(Source data)
□ □ □ □ □ □ □

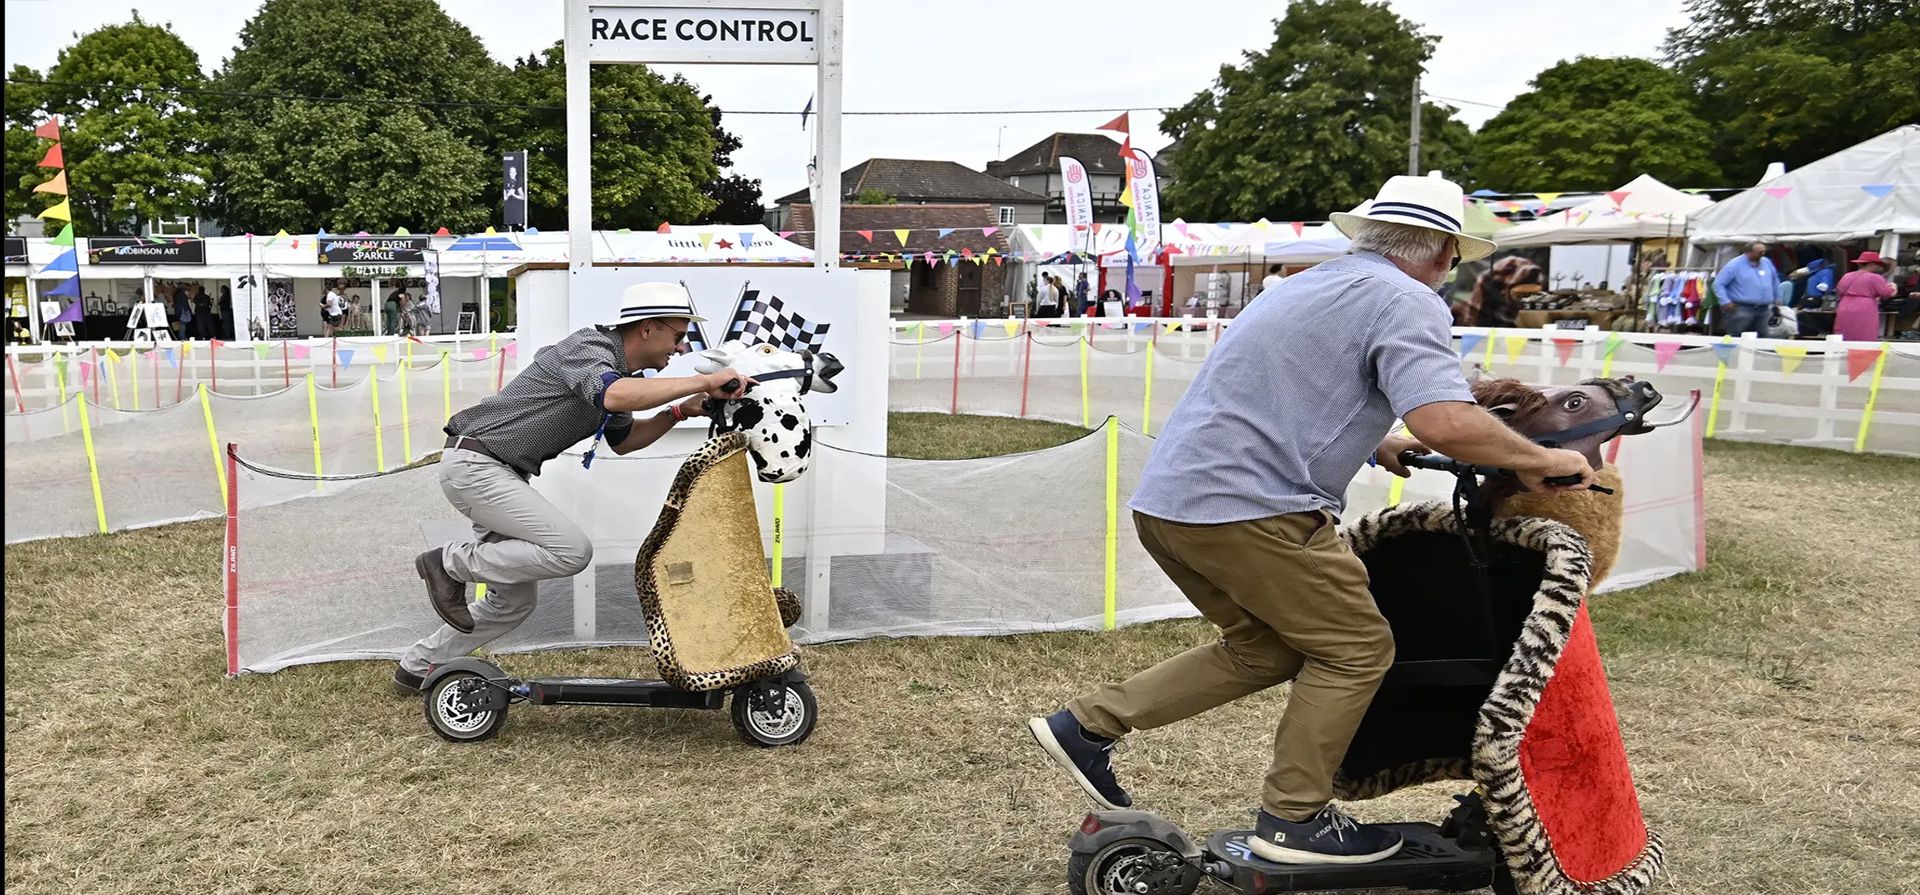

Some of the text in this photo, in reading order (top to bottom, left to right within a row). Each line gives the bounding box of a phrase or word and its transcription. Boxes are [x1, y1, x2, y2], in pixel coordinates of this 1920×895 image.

[591, 18, 814, 42] RACE CONTROL
[382, 240, 413, 249] EVENT
[123, 247, 162, 255] OBINSON
[164, 247, 180, 255] ART
[352, 251, 395, 260] SPARKLE
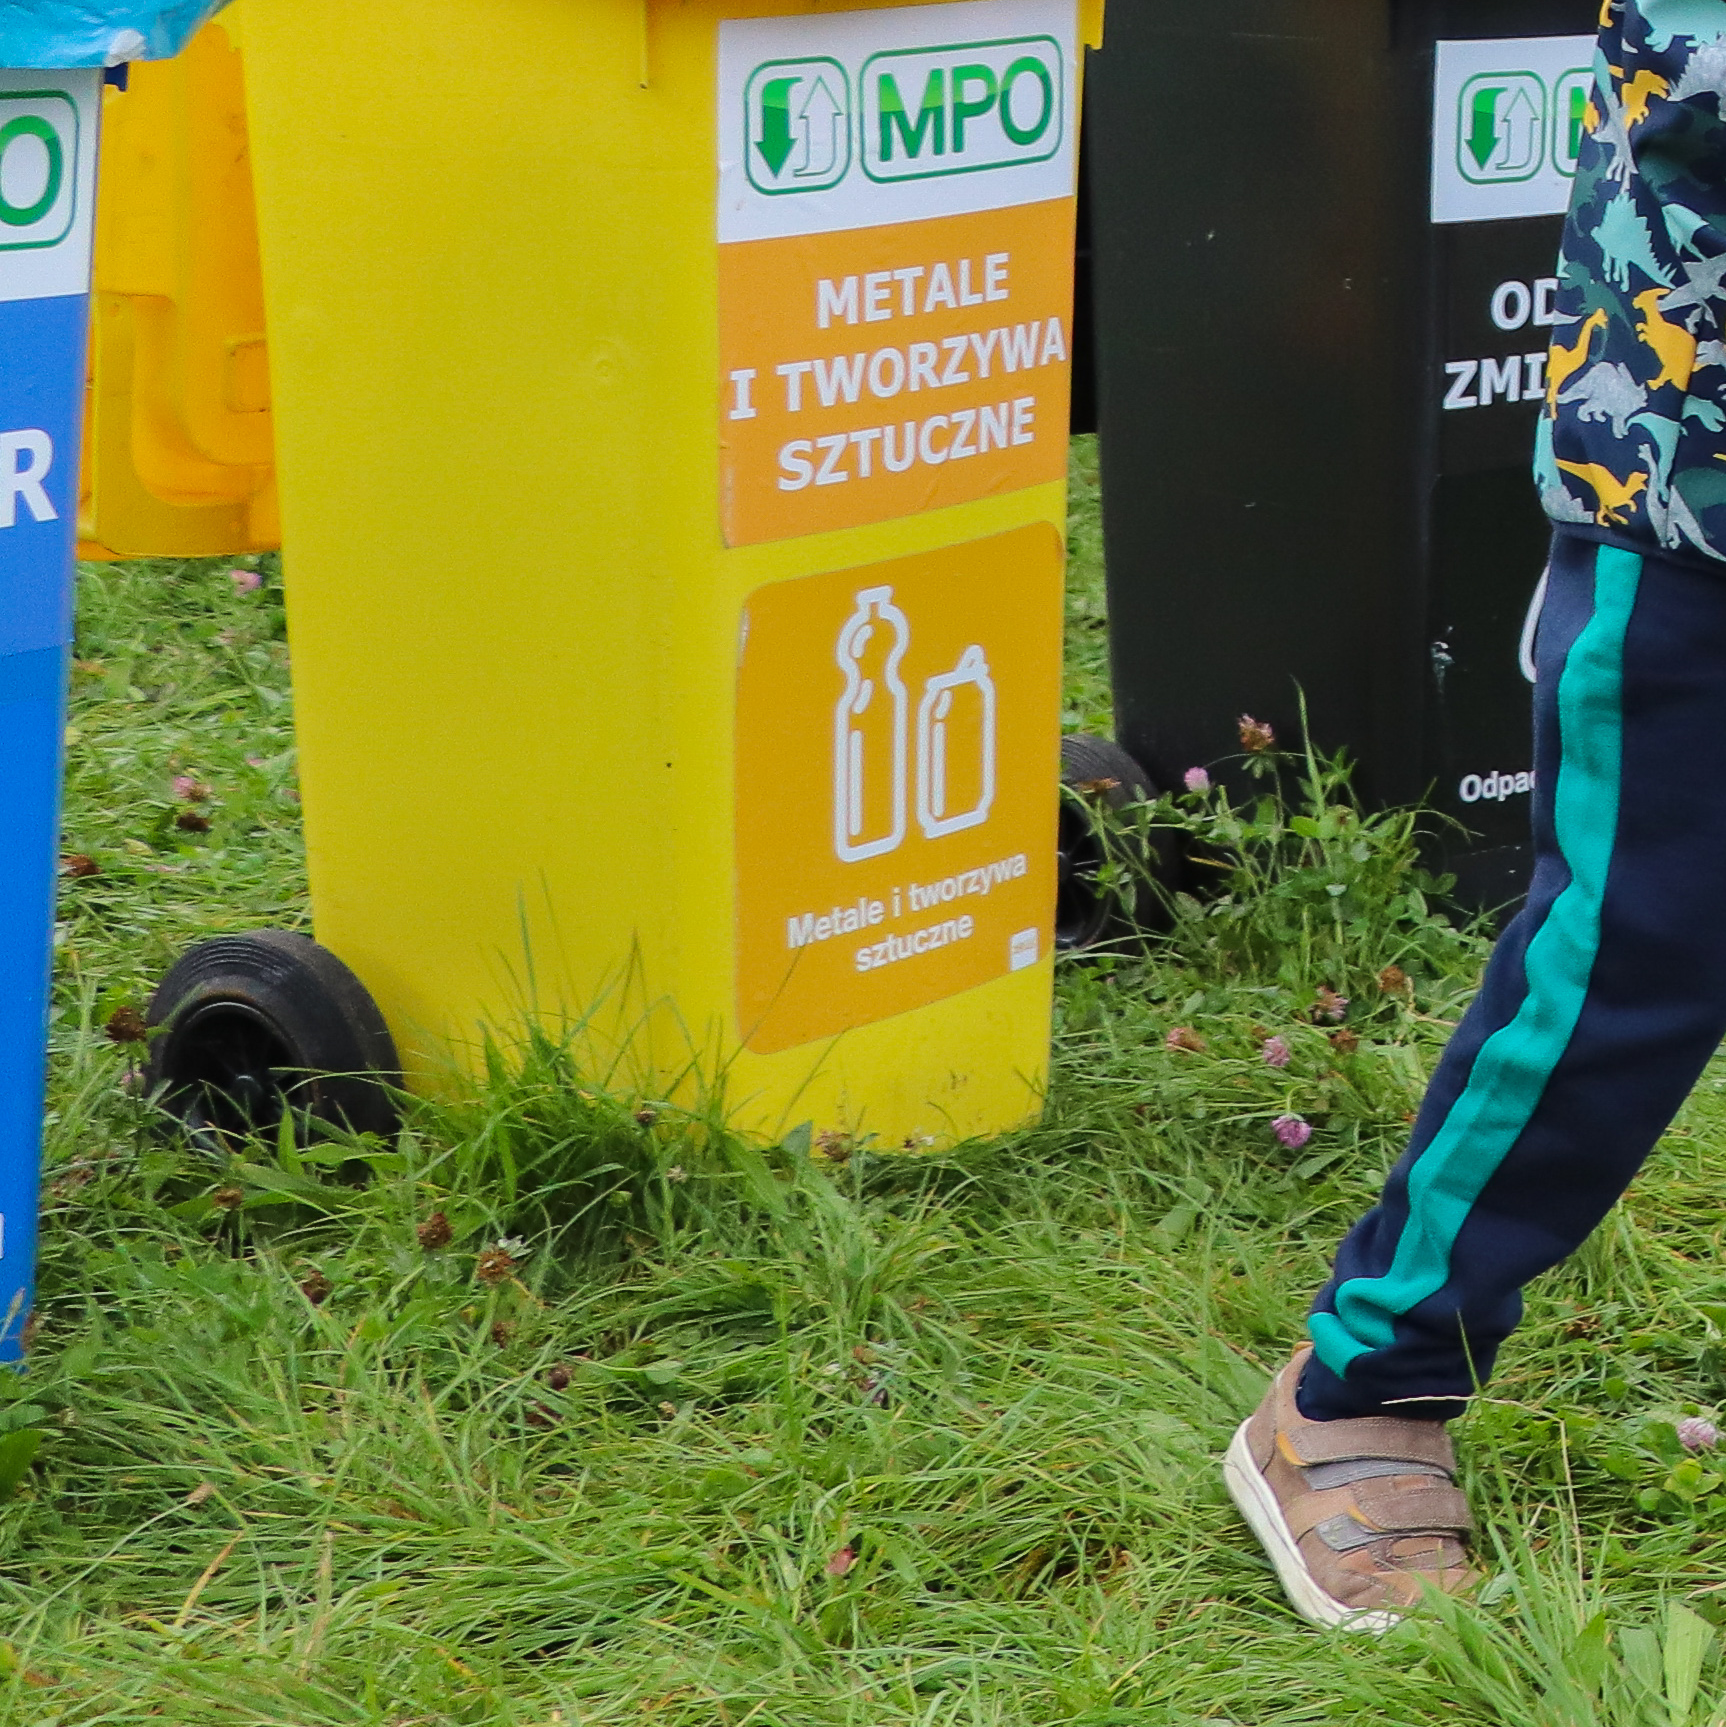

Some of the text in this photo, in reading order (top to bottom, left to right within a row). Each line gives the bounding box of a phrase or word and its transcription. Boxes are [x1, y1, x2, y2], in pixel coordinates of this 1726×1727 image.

[878, 56, 1054, 163] MPO
[817, 252, 1011, 329] METALE
[728, 317, 1067, 421] I TWORZYWA
[777, 396, 1036, 492] SZTUCZNE
[787, 852, 1029, 949] Metale i tworzywa
[855, 913, 975, 973] sztuczne

□ □ □ □ □ □ □

(About this exercise)
Print every line above exactly as given, but not the pictures.

(Exercise response)
Some of the text in this photo, in reading order (top to bottom, left to right within a row). Each line gives the bounding box of a phrase or word and its transcription. Boxes are [x1, y1, x2, y2], in pixel coordinates of this 1920×895 image.

[591, 18, 814, 42] RACE CONTROL
[382, 240, 413, 249] EVENT
[123, 247, 162, 255] OBINSON
[164, 247, 180, 255] ART
[352, 251, 395, 260] SPARKLE

Some of the text in this photo, in reading order (top to bottom, left to right within a row). Each line gives the bounding box of a phrase or word and its transcription. Boxes are [x1, y1, x2, y2], in pixel coordinates of this 1726×1727 image.

[878, 56, 1054, 163] MPO
[817, 252, 1011, 329] METALE
[728, 317, 1067, 421] I TWORZYWA
[777, 396, 1036, 492] SZTUCZNE
[787, 852, 1029, 949] Metale i tworzywa
[855, 913, 975, 973] sztuczne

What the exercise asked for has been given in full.